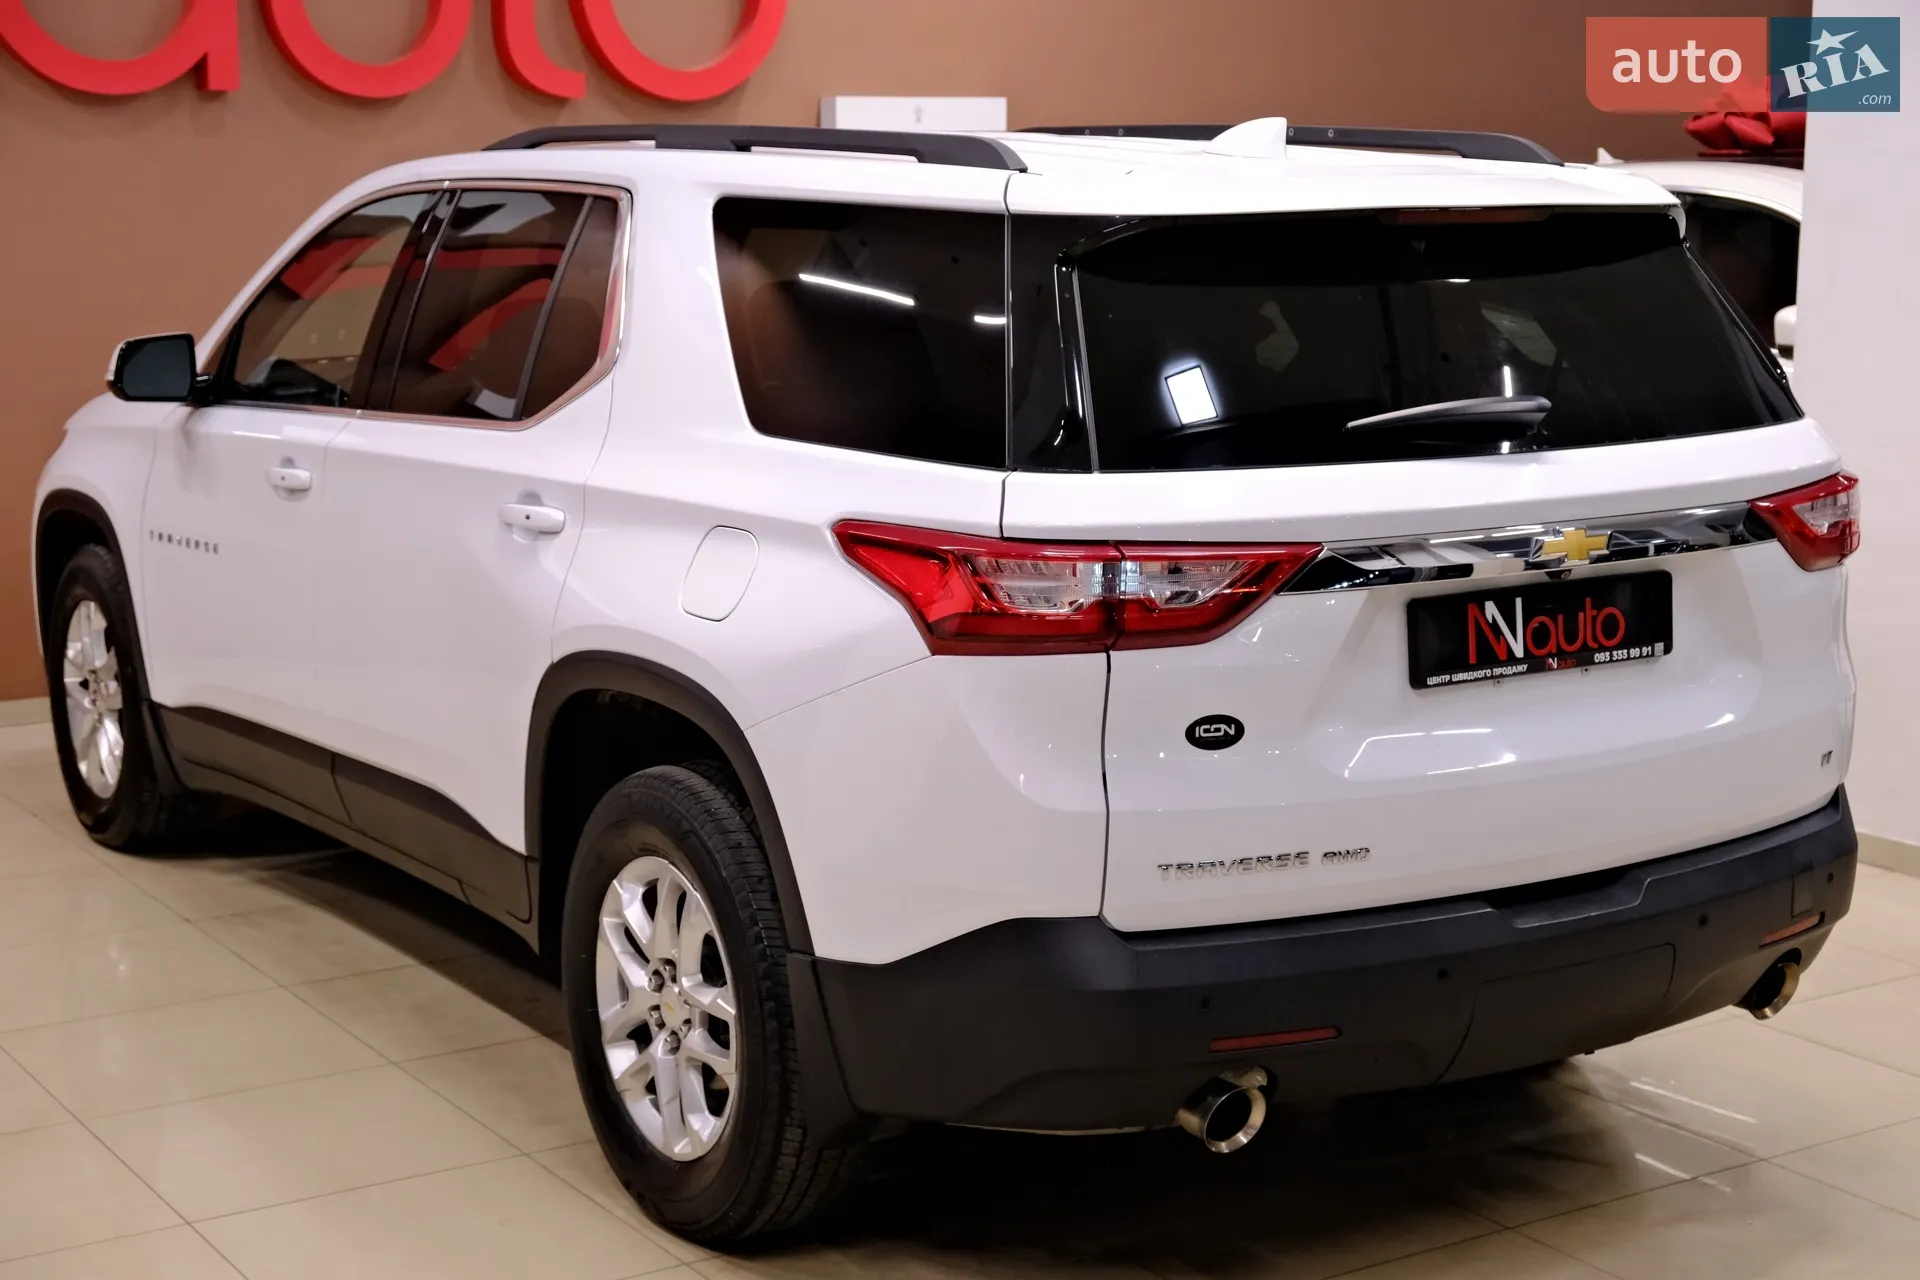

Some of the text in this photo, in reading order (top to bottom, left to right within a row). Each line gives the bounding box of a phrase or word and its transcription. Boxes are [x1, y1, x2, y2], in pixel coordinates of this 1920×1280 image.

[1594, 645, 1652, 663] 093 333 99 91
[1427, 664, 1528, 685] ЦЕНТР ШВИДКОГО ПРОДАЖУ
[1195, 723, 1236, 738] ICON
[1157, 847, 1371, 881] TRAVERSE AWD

• **Work task**
Set the pictures aside and reproduce the data above exactly.

• **Answer section**
Some of the text in this photo, in reading order (top to bottom, left to right within a row). Each line gives the bounding box of a phrase or word and its transcription. Boxes are [x1, y1, x2, y2], in pixel coordinates of this 1920×1280 image.

[1594, 645, 1652, 663] 093 333 99 91
[1427, 664, 1528, 685] ЦЕНТР ШВИДКОГО ПРОДАЖУ
[1195, 723, 1236, 738] ICON
[1157, 847, 1371, 881] TRAVERSE AWD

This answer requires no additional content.